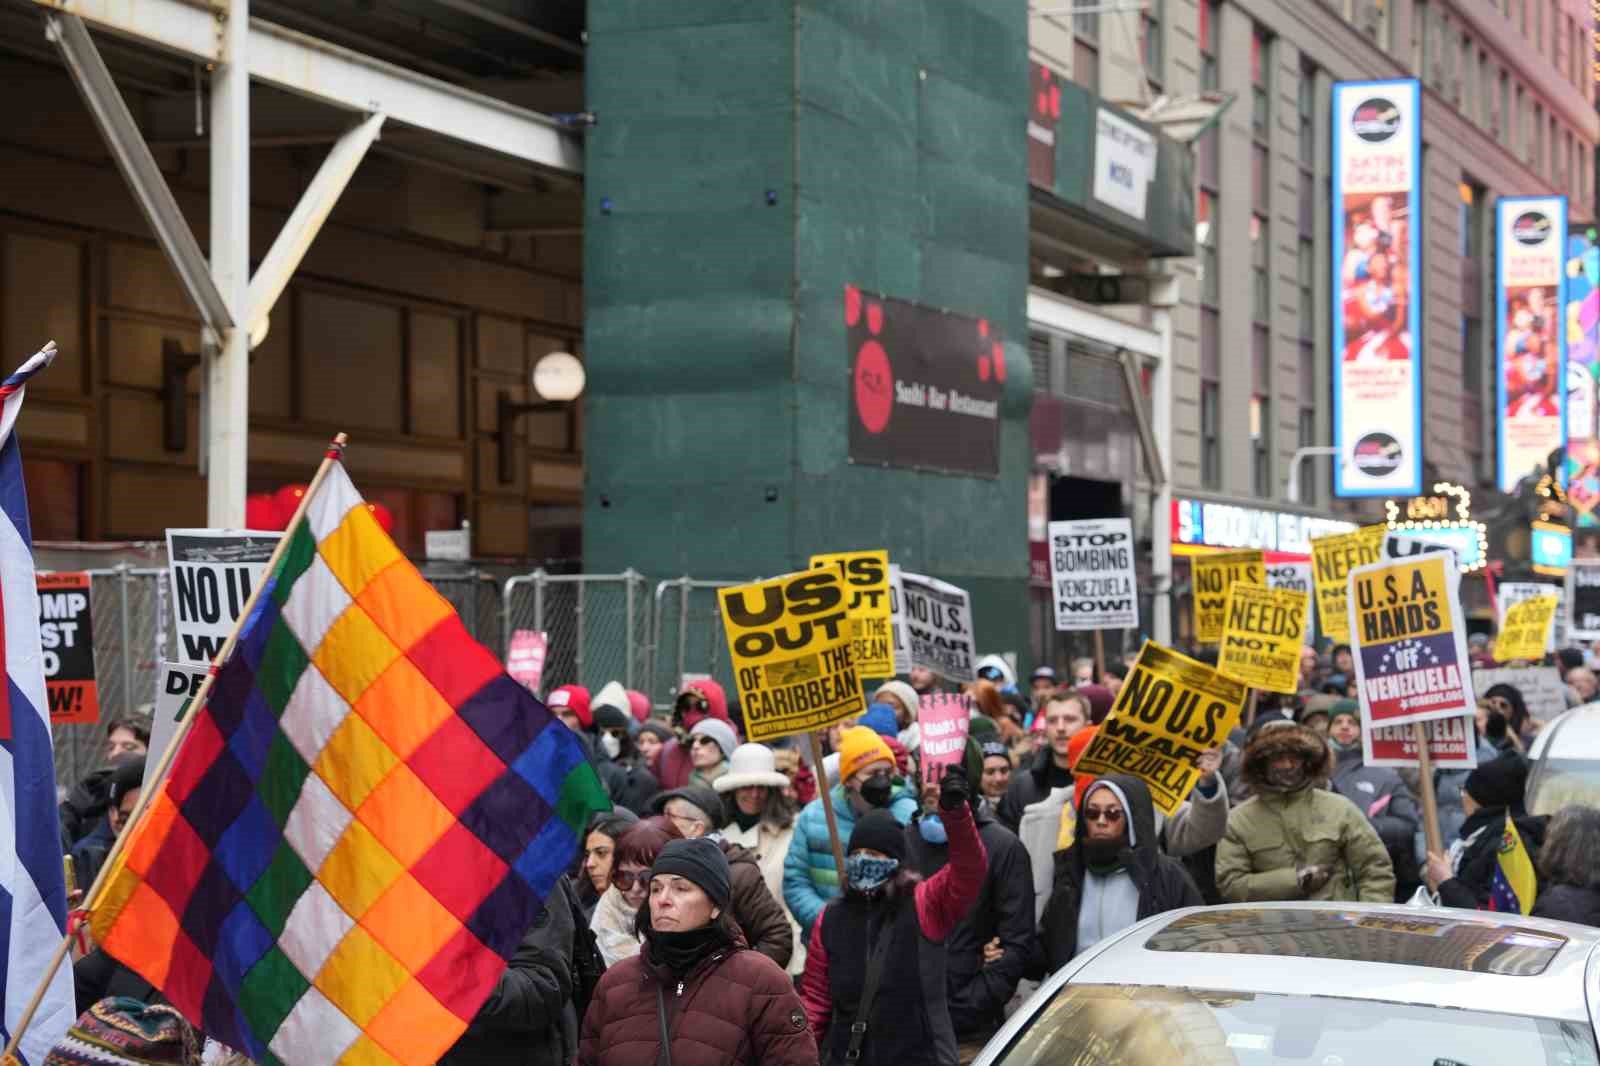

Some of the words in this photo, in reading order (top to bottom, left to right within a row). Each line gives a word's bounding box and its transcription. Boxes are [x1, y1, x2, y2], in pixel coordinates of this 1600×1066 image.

[928, 386, 948, 410] Bar
[1054, 533, 1127, 547] STOP
[1056, 547, 1128, 572] BOMBING
[175, 566, 221, 623] NO
[725, 572, 843, 628] US
[1058, 575, 1131, 598] VENEZUELA
[1197, 568, 1222, 593] NO
[1357, 569, 1437, 610] U.S.A.
[904, 592, 927, 623] NO
[931, 600, 967, 634] U.S.
[1060, 599, 1131, 612] NOW!
[1228, 598, 1302, 639] NEEDS
[1363, 600, 1441, 642] HANDS
[734, 612, 847, 659] OUT
[909, 624, 969, 653] WAR
[1227, 636, 1281, 653] NOT
[740, 665, 762, 691] OF
[821, 644, 854, 674] THE
[1395, 648, 1419, 672] OFF
[745, 668, 859, 721] CARIBBEAN
[1365, 664, 1463, 703] VENEZUELA
[1118, 668, 1174, 725] NO
[1165, 689, 1228, 749] U.S.
[1086, 735, 1193, 798] VENEZUELA
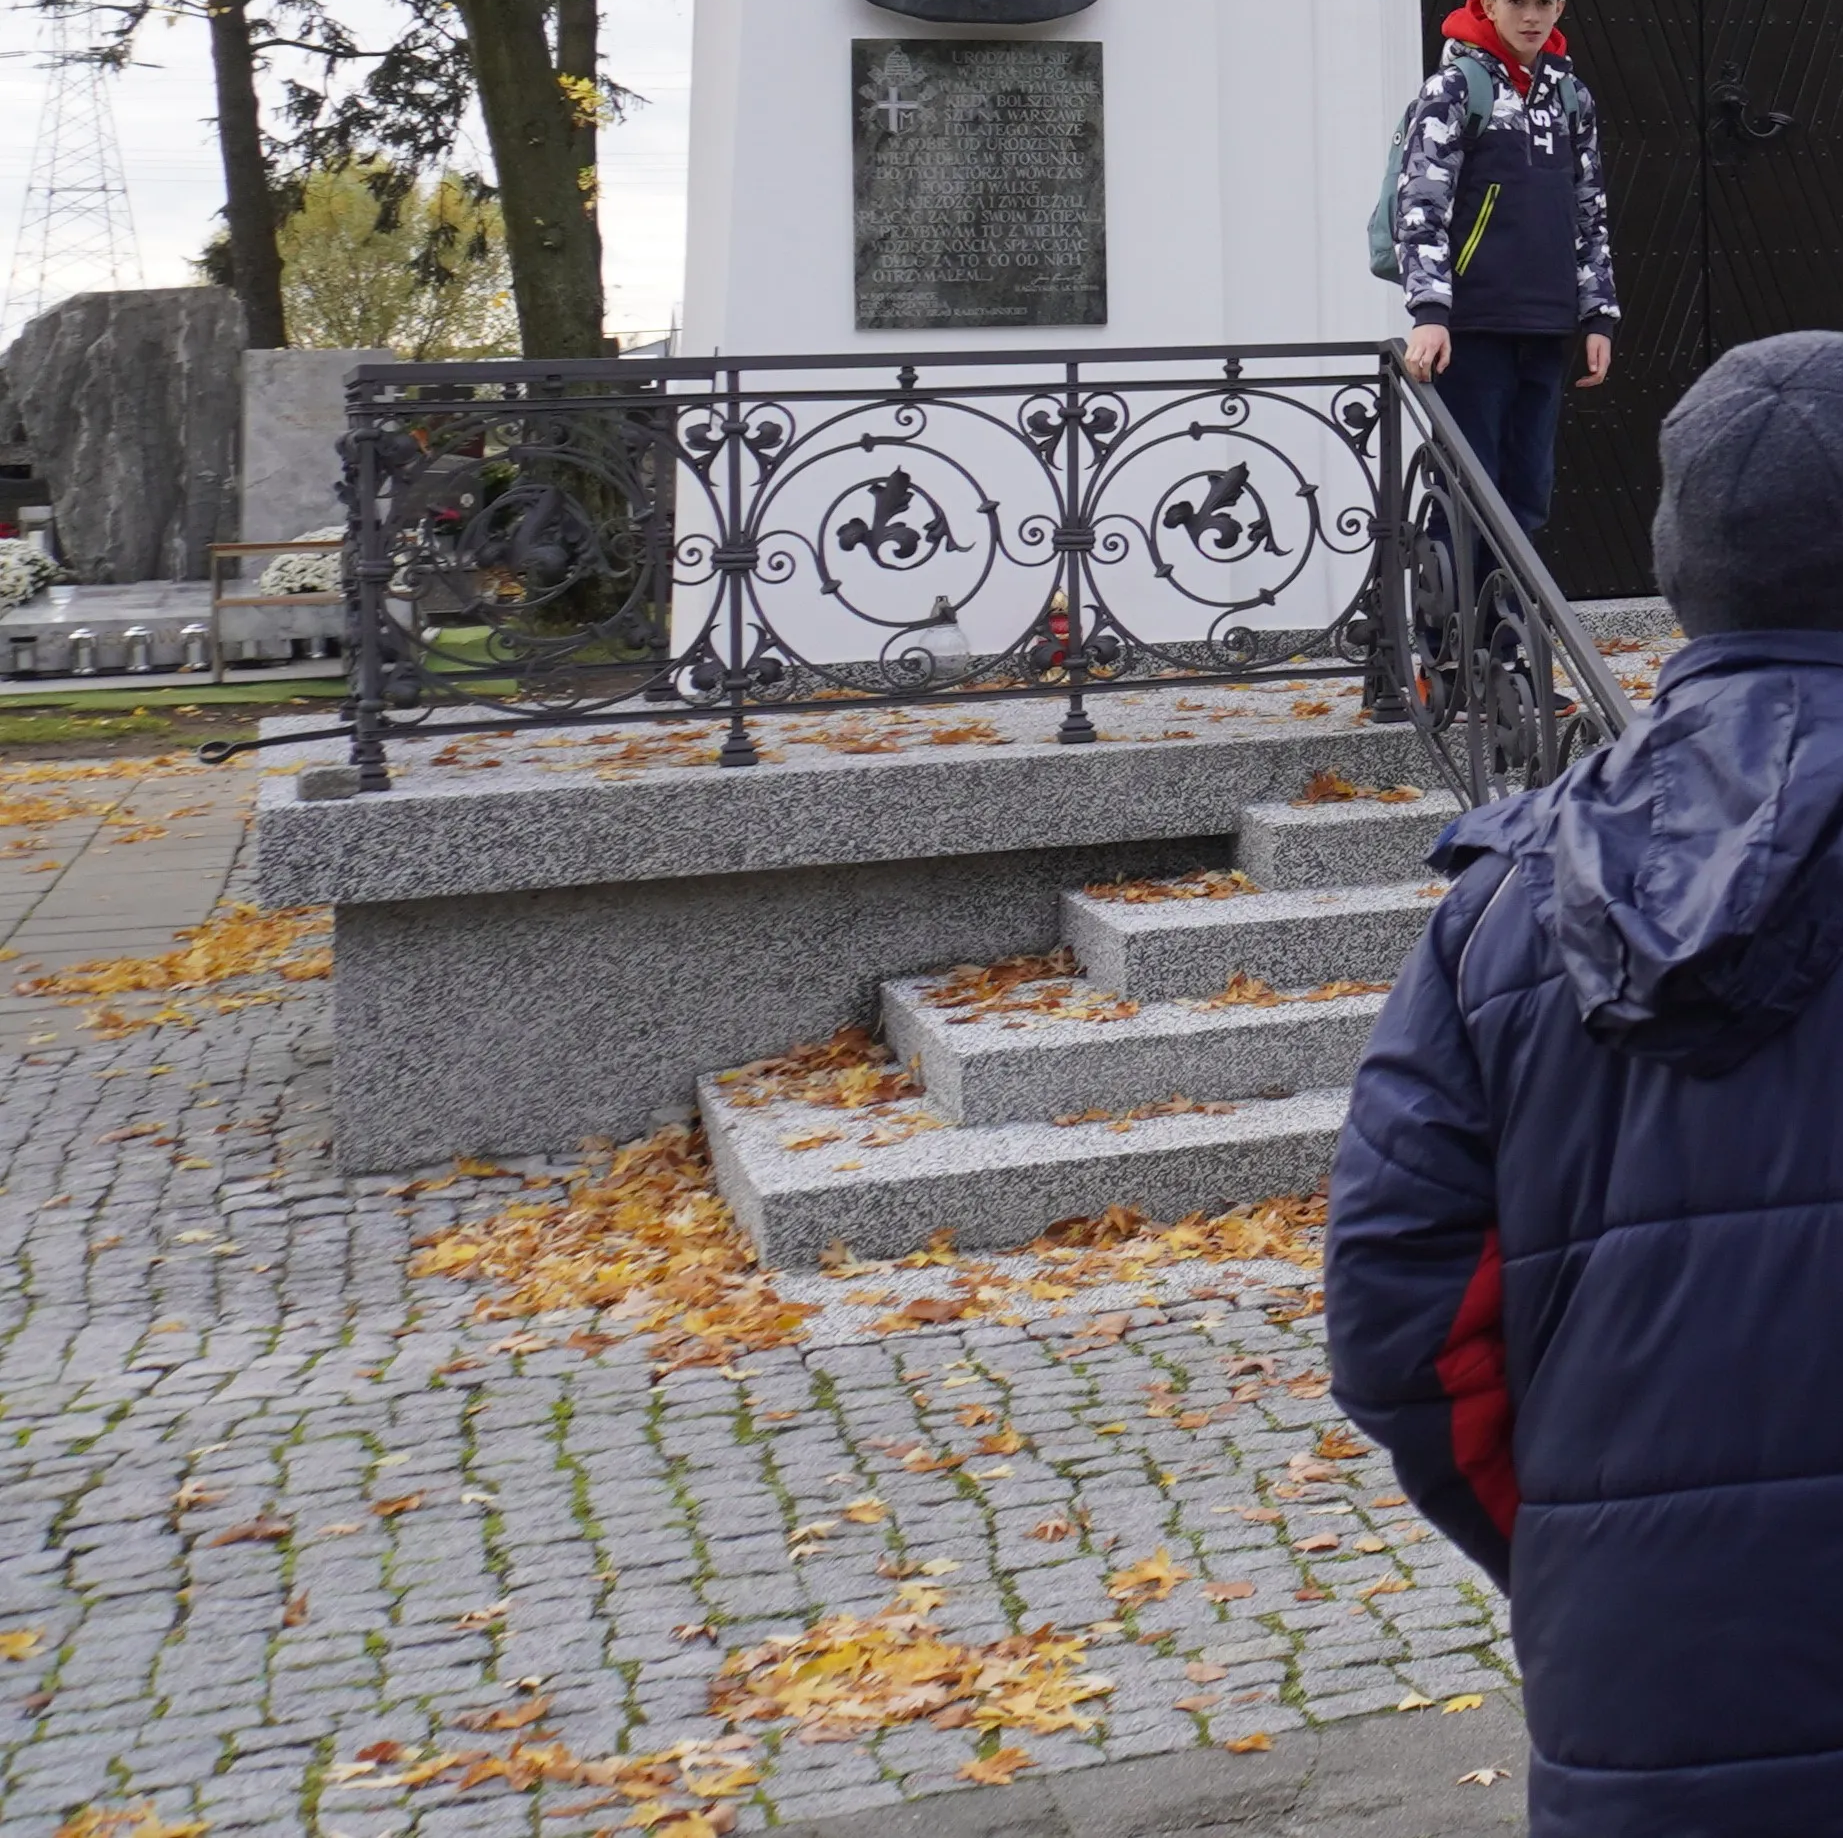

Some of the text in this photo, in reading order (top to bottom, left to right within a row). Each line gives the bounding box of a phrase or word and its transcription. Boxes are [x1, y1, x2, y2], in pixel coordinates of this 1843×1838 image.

[957, 66, 968, 79] W
[1029, 66, 1066, 79] 1920
[1000, 80, 1014, 93] W
[1018, 80, 1047, 93] TYM
[946, 94, 989, 107] KIEDY
[978, 109, 1003, 122] NA
[954, 123, 1028, 136] DLATEGO
[887, 137, 1076, 150] W SOBIE OD URODZENIA
[983, 152, 996, 165] W
[1001, 152, 1084, 165] STOSUNKU
[876, 165, 901, 179] DO
[928, 210, 949, 223] ZA
[952, 210, 976, 223] TO
[982, 210, 1027, 223] SWOIM
[880, 224, 975, 238] PRZYBYWAM
[982, 224, 1003, 238] TU
[1008, 224, 1019, 238] Z
[932, 253, 953, 267] ZA
[958, 253, 979, 267] TO
[988, 253, 1009, 267] CO
[1016, 253, 1039, 267] OD
[1044, 253, 1082, 267] NICH

·····

_Aim of the task_: The answer should contain all the material above, copied exactly, and no images.

_Answer to this task_:
Some of the words in this photo, in reading order (top to bottom, left to right within a row). Each line gives a word's bounding box and its transcription. Boxes are [x1, y1, x2, y2], in pixel coordinates of this 1600×1066 image.

[928, 386, 948, 410] Bar
[1054, 533, 1127, 547] STOP
[1056, 547, 1128, 572] BOMBING
[175, 566, 221, 623] NO
[725, 572, 843, 628] US
[1058, 575, 1131, 598] VENEZUELA
[1197, 568, 1222, 593] NO
[1357, 569, 1437, 610] U.S.A.
[904, 592, 927, 623] NO
[931, 600, 967, 634] U.S.
[1060, 599, 1131, 612] NOW!
[1228, 598, 1302, 639] NEEDS
[1363, 600, 1441, 642] HANDS
[734, 612, 847, 659] OUT
[909, 624, 969, 653] WAR
[1227, 636, 1281, 653] NOT
[740, 665, 762, 691] OF
[821, 644, 854, 674] THE
[1395, 648, 1419, 672] OFF
[745, 668, 859, 721] CARIBBEAN
[1365, 664, 1463, 703] VENEZUELA
[1118, 668, 1174, 725] NO
[1165, 689, 1228, 749] U.S.
[1086, 735, 1193, 798] VENEZUELA

Some of the text in this photo, in reading order (top to bottom, left to right within a row). Each line gives the bounding box of a phrase or word and its transcription. Boxes are [x1, y1, x2, y2], in pixel coordinates of this 1843×1838 image.

[957, 66, 968, 79] W
[1029, 66, 1066, 79] 1920
[1000, 80, 1014, 93] W
[1018, 80, 1047, 93] TYM
[946, 94, 989, 107] KIEDY
[978, 109, 1003, 122] NA
[954, 123, 1028, 136] DLATEGO
[887, 137, 1076, 150] W SOBIE OD URODZENIA
[983, 152, 996, 165] W
[1001, 152, 1084, 165] STOSUNKU
[876, 165, 901, 179] DO
[928, 210, 949, 223] ZA
[952, 210, 976, 223] TO
[982, 210, 1027, 223] SWOIM
[880, 224, 975, 238] PRZYBYWAM
[982, 224, 1003, 238] TU
[1008, 224, 1019, 238] Z
[932, 253, 953, 267] ZA
[958, 253, 979, 267] TO
[988, 253, 1009, 267] CO
[1016, 253, 1039, 267] OD
[1044, 253, 1082, 267] NICH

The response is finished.